* **WHAT TO PRODUCE**: Go through the records below and set each one down exactly, leaving out any pictures.

* **MATERIAL FOR THIS TASK**:
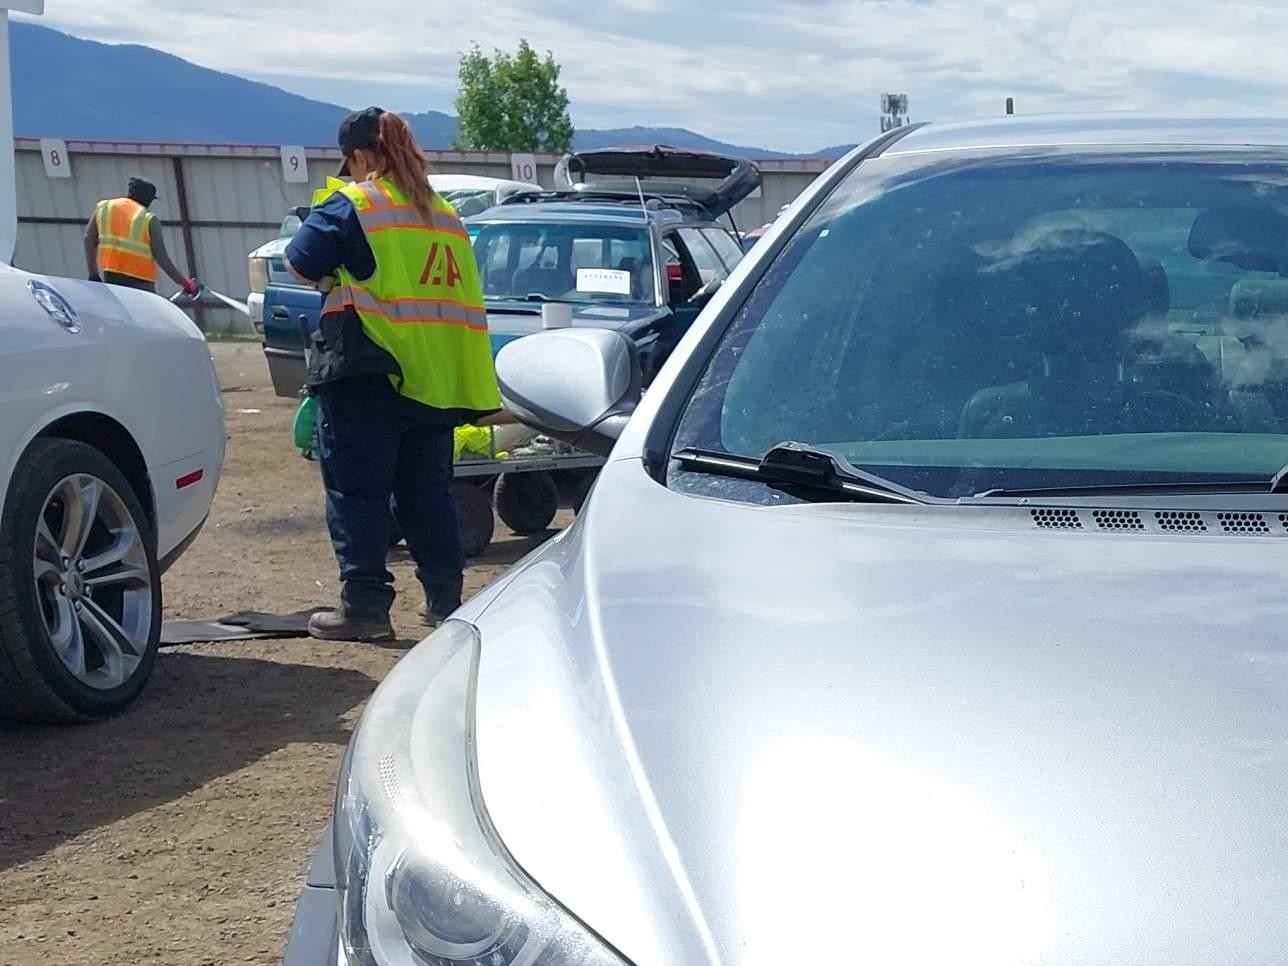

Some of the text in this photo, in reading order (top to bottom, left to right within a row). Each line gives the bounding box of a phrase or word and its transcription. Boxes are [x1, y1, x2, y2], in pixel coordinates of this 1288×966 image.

[50, 150, 61, 166] 8
[289, 155, 299, 172] 9
[516, 164, 534, 181] 10
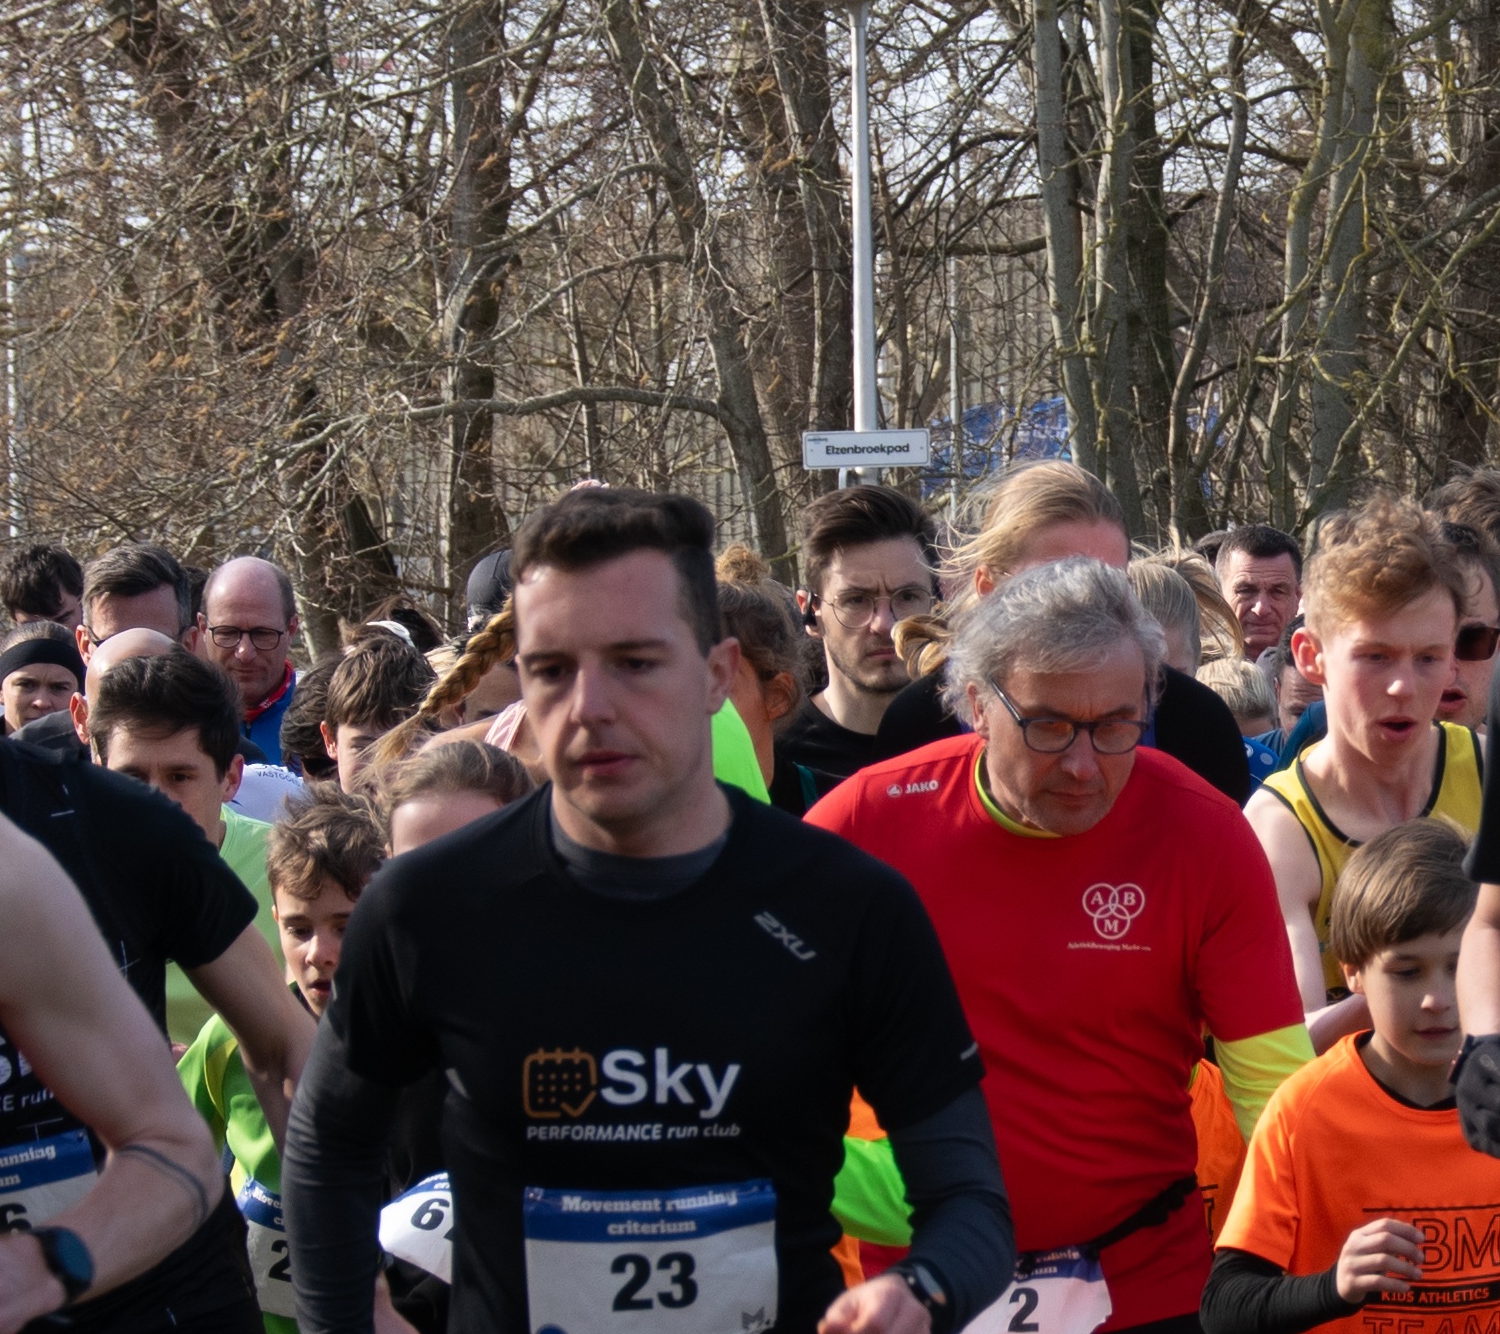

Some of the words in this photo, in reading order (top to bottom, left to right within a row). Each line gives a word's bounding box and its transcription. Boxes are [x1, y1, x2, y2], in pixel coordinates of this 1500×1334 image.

[825, 443, 910, 455] Elzenbroekpad
[906, 779, 939, 794] JAKO
[754, 911, 816, 960] 2XU
[601, 1047, 741, 1119] Sky
[527, 1123, 663, 1141] PERFORMANCE
[667, 1124, 698, 1139] run
[703, 1123, 741, 1137] club
[562, 1195, 662, 1213] Movement
[665, 1190, 738, 1211] running
[411, 1198, 453, 1242] 6
[607, 1219, 697, 1235] criterium
[610, 1251, 699, 1312] 23
[1381, 1289, 1415, 1303] KIDS
[1418, 1287, 1490, 1304] ATHLETICS
[1008, 1287, 1040, 1333] 2

* **TASK OUTPUT**:
Some of the text in this photo, in reading order (top to bottom, left to right within a row). Each line gives the bounding box of a phrase or word and its transcription. Boxes are [x1, y1, x2, y2], in pixel coordinates of this 1288×966 image.

[50, 150, 61, 166] 8
[289, 155, 299, 172] 9
[516, 164, 534, 181] 10

Some of the words in this photo, in reading order (top to bottom, left to right within a row). Each line gives a word's bounding box and its transcription. Boxes are [x1, y1, x2, y2], in pixel coordinates of this 1500×1334 image.

[825, 443, 910, 455] Elzenbroekpad
[906, 779, 939, 794] JAKO
[754, 911, 816, 960] 2XU
[601, 1047, 741, 1119] Sky
[527, 1123, 663, 1141] PERFORMANCE
[667, 1124, 698, 1139] run
[703, 1123, 741, 1137] club
[562, 1195, 662, 1213] Movement
[665, 1190, 738, 1211] running
[411, 1198, 453, 1242] 6
[607, 1219, 697, 1235] criterium
[610, 1251, 699, 1312] 23
[1381, 1289, 1415, 1303] KIDS
[1418, 1287, 1490, 1304] ATHLETICS
[1008, 1287, 1040, 1333] 2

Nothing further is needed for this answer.